Felix: It’s amazing how many successful entrepreneurs say the same thing which is about focus being the key to success and I think it’s a struggle that a lot of people get into because we never want to understand that focus is important but then when it comes down to making the decisions that allow you to be focused that’s when things start falling apart. That’s when the creeps start happening. That’s when all of a sudden your scope starts to widening and you start saying yes to things that you actually don’t mean to say yes. What kinds of questions do you ask yourself when you sit down to maybe the night after work or the morning before starting your work to put together your to-do list of things you want to get done? How do you evaluate each thing whether it should be cut from your list or it should be allowed on to your list?
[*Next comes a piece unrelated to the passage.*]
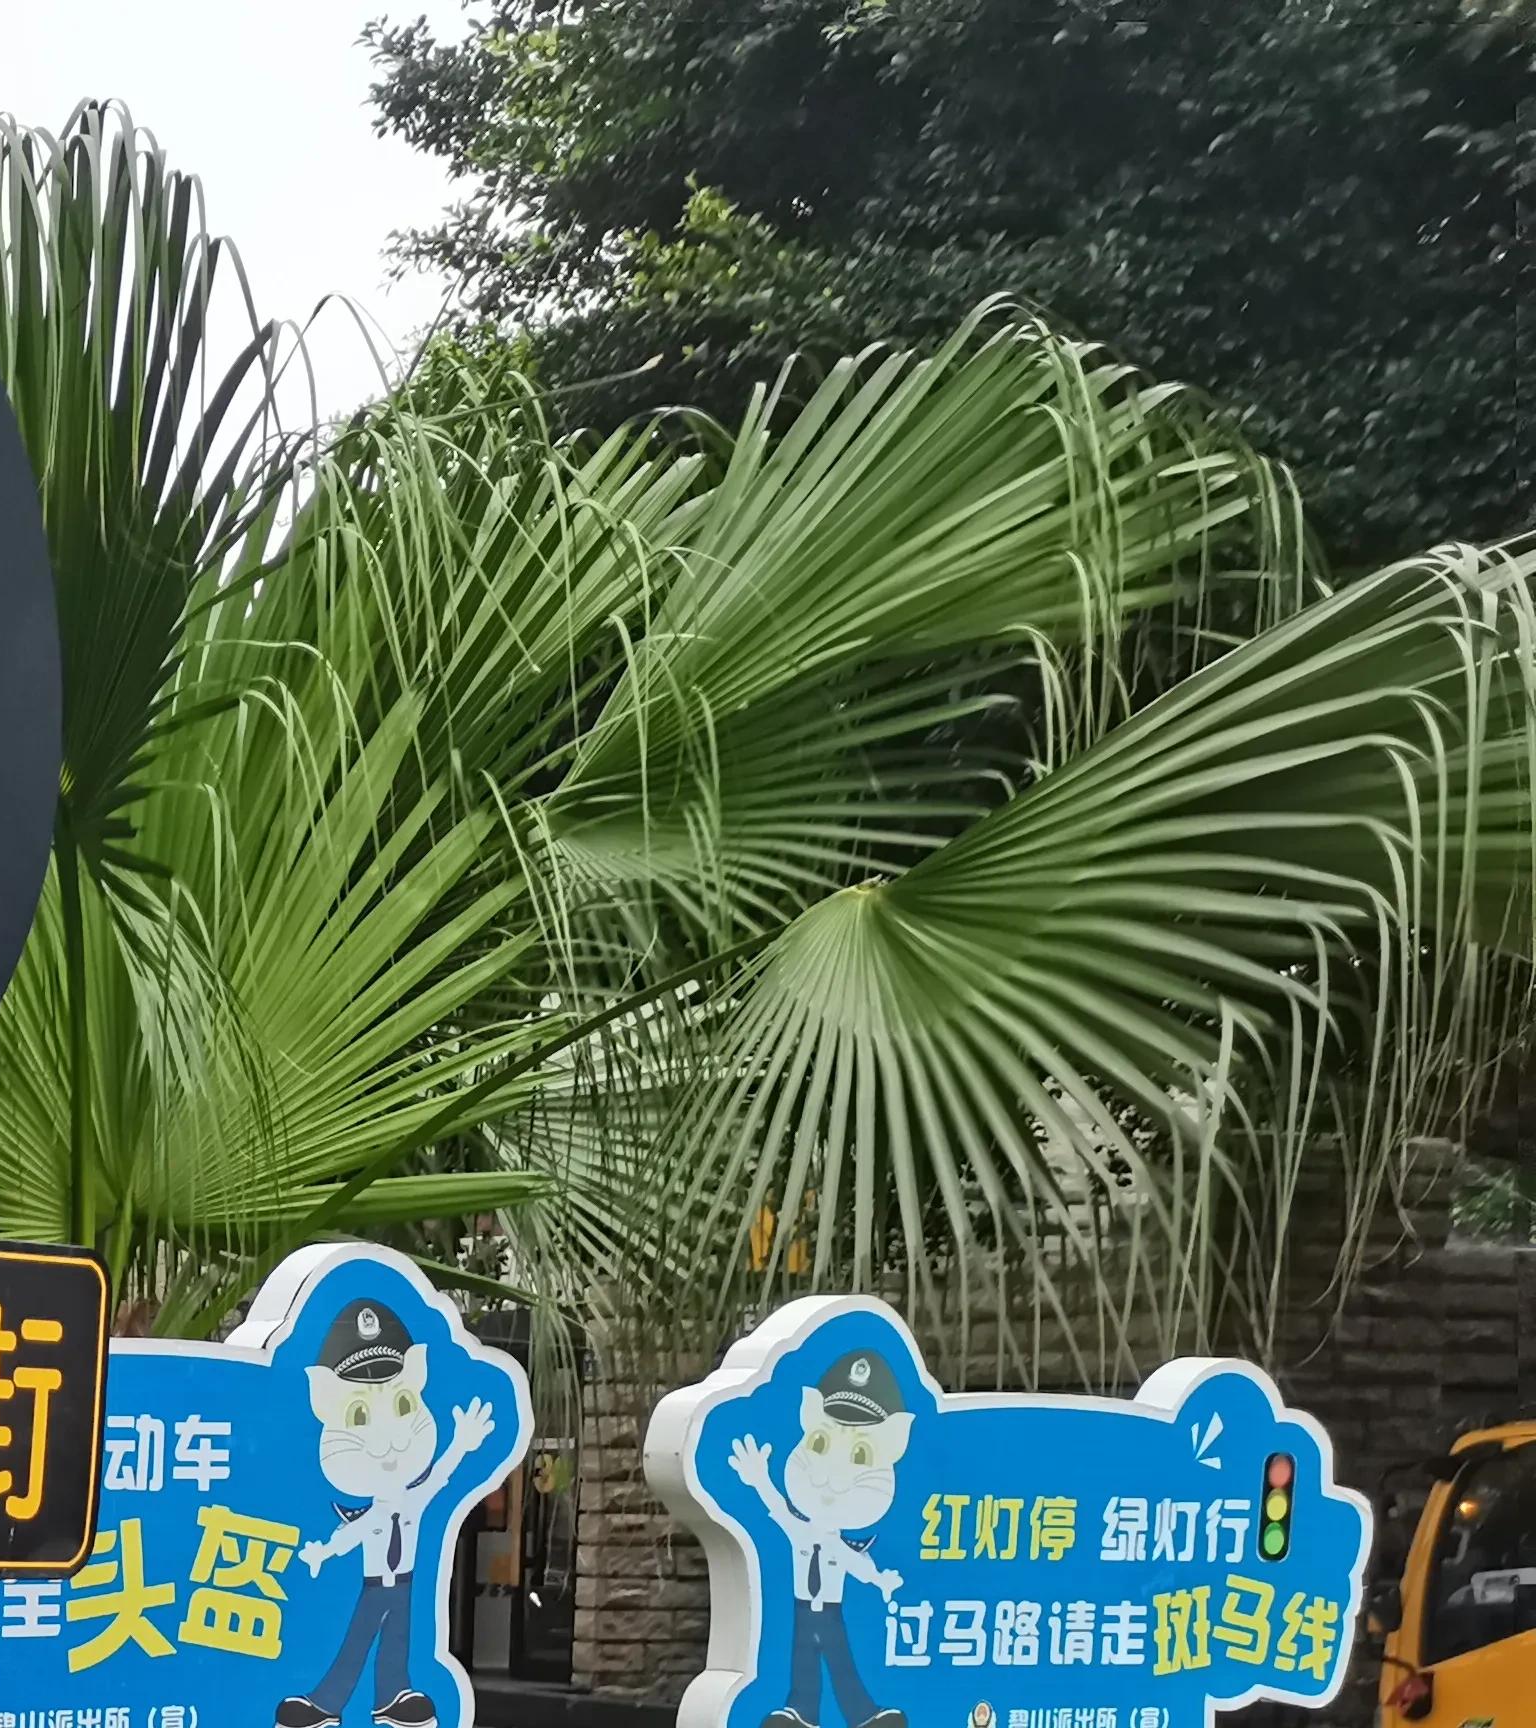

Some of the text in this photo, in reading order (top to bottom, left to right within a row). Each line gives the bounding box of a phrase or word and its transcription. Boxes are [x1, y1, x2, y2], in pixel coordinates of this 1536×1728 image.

Michael: I simply outline where are at with product, where are we at with customer success, where are we at with our marketing goals? It’s about working towards goals and if the item that I’m adding to my list doesn’t lead me to accomplishing the goal. I have to remove it or I at least have to back burner it for a second because the only things that we should be focus on are those things that help us achieve the dream to achieve the goal and it’s really hard to do. It’s easy to fall into distractions. It’s easy to want to go to meetings. It’s easy to want to go to conferences. It’s easy to want to do all these different things. It’s easy to want to build these new features, it’s easy to feature creep. It’s easy to get excited about things because then we have to ask ourselves is that helping us achieve the goal and if the answer is no then we have to move on without it no matter how attractive it may look.
I remember turning down multiple partnerships before we were acquired by Shopify and it always boiled down to even I personally wanted to go for it being challenged by advisors to say is this really helping you achieve the goal or is it just a flashy distraction? It’s a really hard things to do but it’s a harder thing to identify when you’re a young entrepreneur. You don’t know if those things that you’re saying yes, you’re saying no toward the right things to say yes or no to and that’s why I highly encourage entrepreneurs to have a more seasoned mentor and to remain a student. I think the biggest mistake that entrepreneurs make is that they think that they are an expert about their business.
Let me take that back. They think that they are an expert about their domain. You may know the business and the ins and outs in your business but someone may have more knowledge about you about how stage of your business and how to get to the next stage for your business. I just think it’s so valuable to build those relationships and let people kind of coach you and have someone you can be conversate with because they will help align you. They will help you stay focused. It’s a big undertaking to expect yourself to have those natural abilities with no life experience to guide you through it.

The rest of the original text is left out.